The Wreckage - Michael Robotham [2]
Jamal laughs. “One day they’re going to kick you out of Iraq.”
“Promises, promises.”
He calls Abu in the HiLux. “We’re going to Karrada.”
“What address?”
“Follow the smoke.”
The two vehicles circumnavigate Firdos Square and head south along the dusty dual carriageway past mud buildings and footpaths lined in places with drums and razor wire.
Baghdad used to feel foreign to Luca but he’s no longer spooked by the strangeness of the place—the jangle of tongues, the confusion of smells and the thick honey-colored light. A bus has broken down. Passengers are standing on the pavement, arguing with the driver. The men draw on cigarettes, forming wraiths of smoke that are whisked away on the breeze. The women are delicate, unknown creatures swathed in black, with non-descript bodies and dancing eyes.
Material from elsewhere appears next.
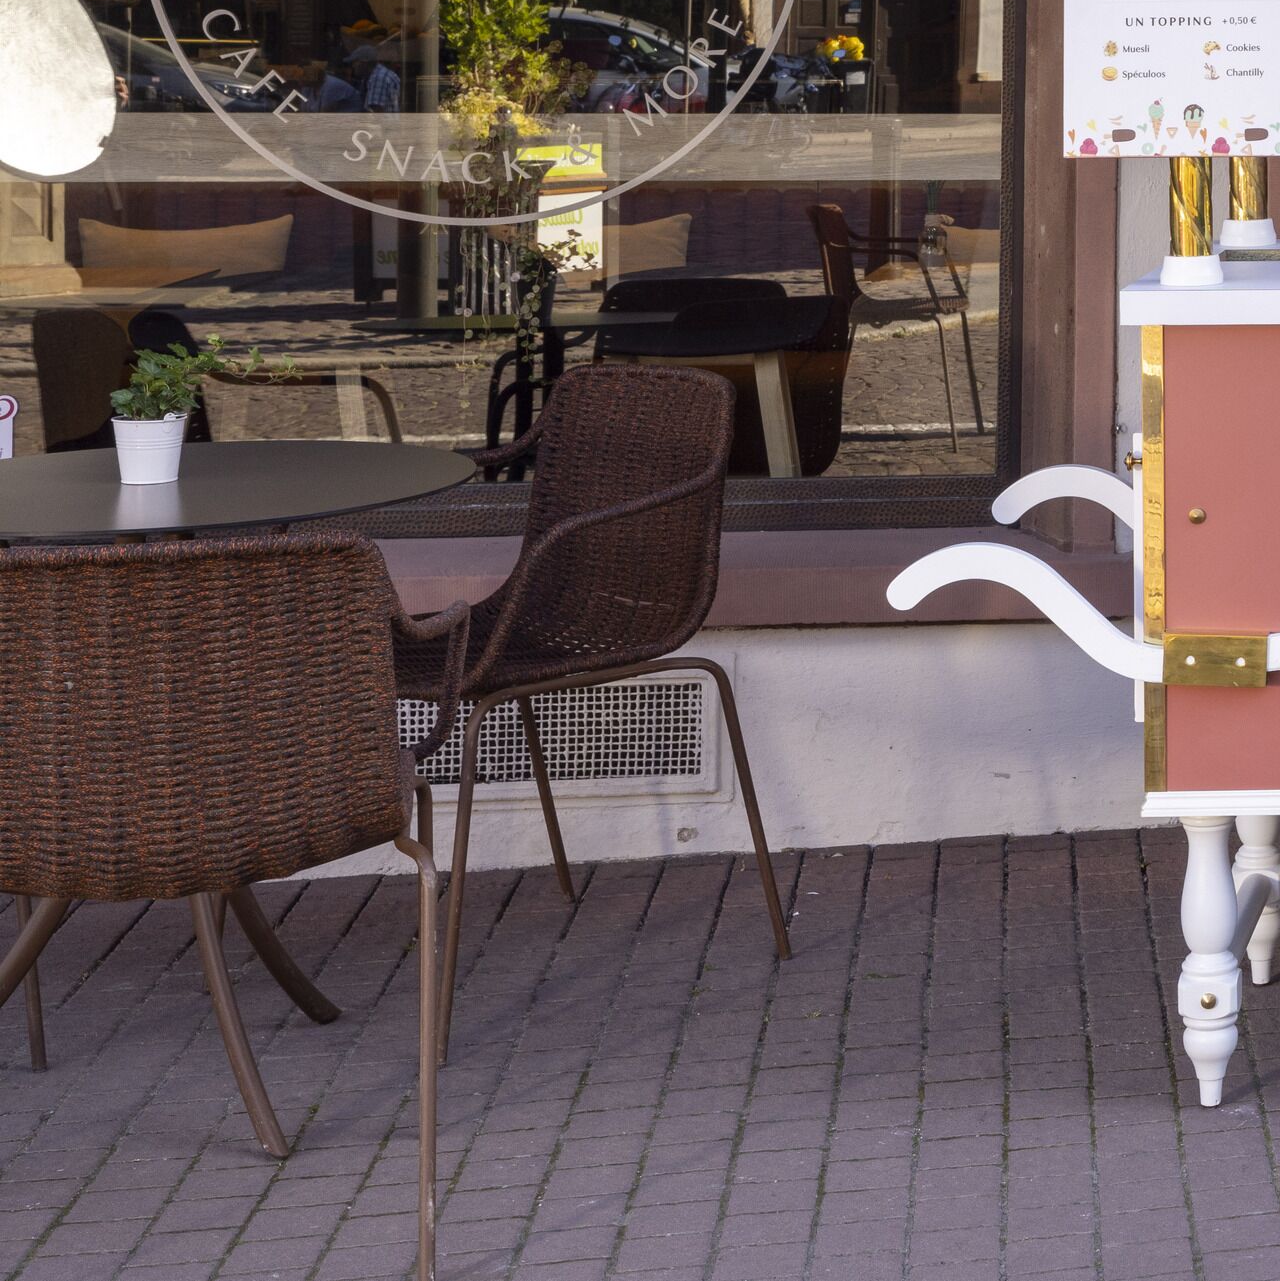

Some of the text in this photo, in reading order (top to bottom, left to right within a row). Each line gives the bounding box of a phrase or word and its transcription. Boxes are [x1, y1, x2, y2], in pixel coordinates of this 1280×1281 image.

Jamal takes a stick of chewing gum from his pocket and turns on the radio, beating out a rhythm on the steering wheel as he listens to a local pop song. He and Luca have become friends over the years, but that friendship has boundaries. Luca has never been to Jamal’s house, or met his wife or his two young sons. There are people who cannot know that Jamal and Abu are working for an American journalist. Sunnis. Shiites. Insurgents. That’s where death lurks. Grudges are a national sport in Iraq.
A black plume of smoke rises into the white sky ahead of them. Normally Karrada is one of the havens, thrumming with street traders and gaudy shouts of greenery. Now police and fire engines have sealed off an intersection and hoses like black pythons twist across the asphalt, bulging and squirming. Some are so perished and worn they are spraying the concrete instead of the smoldering building.
The Zewiya branch of the al-Rafidain Bank has been gutted and the windows are ringed with dark shadows of soot that leak like a beauty queen’s tears down the pale walls.
Jamal parks the Skoda and Luca takes his camera from his rucksack. He signals Abu, who waits with the cars, keeping watch from a distance.
“How many is that?”
“Six in the past two months.”
“And this year?”
“Eighteen.”
“Soon there will be no banks left to rob.”
Across the street, a group of teenage boys are laughing and shoving each other, frantic to be noticed. They are admonished by older men and told to show some respect.
A siren. A convoy. Four military vehicles weave between the fire engines, escorting a white police car with blue doors. The car pulls on to the curb, scraping metal beneath the chassis. Luca recognizes the man in the passenger seat: General Khalid al-Uzri, Commander of the National Police. Two uniformed officers wrestle each other to reach his door.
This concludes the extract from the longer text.